**Activity**
Nothing may be dropped or altered: reproduce all the data.
[Materials provided — start]
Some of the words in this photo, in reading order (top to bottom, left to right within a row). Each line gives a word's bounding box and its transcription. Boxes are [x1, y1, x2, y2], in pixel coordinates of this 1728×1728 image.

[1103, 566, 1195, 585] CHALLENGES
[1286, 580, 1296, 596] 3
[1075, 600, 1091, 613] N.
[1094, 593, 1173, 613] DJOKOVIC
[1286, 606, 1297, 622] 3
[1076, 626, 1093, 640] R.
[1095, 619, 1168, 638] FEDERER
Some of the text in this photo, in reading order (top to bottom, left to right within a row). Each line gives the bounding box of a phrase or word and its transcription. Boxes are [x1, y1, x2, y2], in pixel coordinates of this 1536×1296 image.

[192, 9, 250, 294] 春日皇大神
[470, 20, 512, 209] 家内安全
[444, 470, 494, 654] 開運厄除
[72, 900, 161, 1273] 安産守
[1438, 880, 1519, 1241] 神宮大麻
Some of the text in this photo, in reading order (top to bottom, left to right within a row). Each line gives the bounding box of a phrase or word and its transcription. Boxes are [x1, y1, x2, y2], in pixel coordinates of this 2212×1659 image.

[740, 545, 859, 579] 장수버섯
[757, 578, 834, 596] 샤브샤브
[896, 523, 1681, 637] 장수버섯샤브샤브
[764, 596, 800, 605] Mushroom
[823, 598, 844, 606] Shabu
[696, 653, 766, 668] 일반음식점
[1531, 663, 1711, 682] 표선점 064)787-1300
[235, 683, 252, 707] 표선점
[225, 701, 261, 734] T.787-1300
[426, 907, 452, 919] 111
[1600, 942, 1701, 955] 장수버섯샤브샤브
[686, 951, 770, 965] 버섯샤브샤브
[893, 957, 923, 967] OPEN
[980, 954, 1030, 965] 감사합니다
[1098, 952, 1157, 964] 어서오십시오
[Materials provided — finish]
**Output below**
Some of the words in this photo, in reading order (top to bottom, left to right within a row). Each line gives a word's bounding box and its transcription. Boxes are [x1, y1, x2, y2], in pixel coordinates of this 1728×1728 image.

[1103, 566, 1195, 585] CHALLENGES
[1286, 580, 1296, 596] 3
[1075, 600, 1091, 613] N.
[1094, 593, 1173, 613] DJOKOVIC
[1286, 606, 1297, 622] 3
[1076, 626, 1093, 640] R.
[1095, 619, 1168, 638] FEDERER
Some of the text in this photo, in reading order (top to bottom, left to right within a row). Each line gives the bounding box of a phrase or word and its transcription. Boxes are [x1, y1, x2, y2], in pixel coordinates of this 1536×1296 image.

[192, 9, 250, 294] 春日皇大神
[470, 20, 512, 209] 家内安全
[444, 470, 494, 654] 開運厄除
[72, 900, 161, 1273] 安産守
[1438, 880, 1519, 1241] 神宮大麻
Some of the text in this photo, in reading order (top to bottom, left to right within a row). Each line gives the bounding box of a phrase or word and its transcription. Boxes are [x1, y1, x2, y2], in pixel coordinates of this 2212×1659 image.

[740, 545, 859, 579] 장수버섯
[757, 578, 834, 596] 샤브샤브
[896, 523, 1681, 637] 장수버섯샤브샤브
[764, 596, 800, 605] Mushroom
[823, 598, 844, 606] Shabu
[696, 653, 766, 668] 일반음식점
[1531, 663, 1711, 682] 표선점 064)787-1300
[235, 683, 252, 707] 표선점
[225, 701, 261, 734] T.787-1300
[426, 907, 452, 919] 111
[1600, 942, 1701, 955] 장수버섯샤브샤브
[686, 951, 770, 965] 버섯샤브샤브
[893, 957, 923, 967] OPEN
[980, 954, 1030, 965] 감사합니다
[1098, 952, 1157, 964] 어서오십시오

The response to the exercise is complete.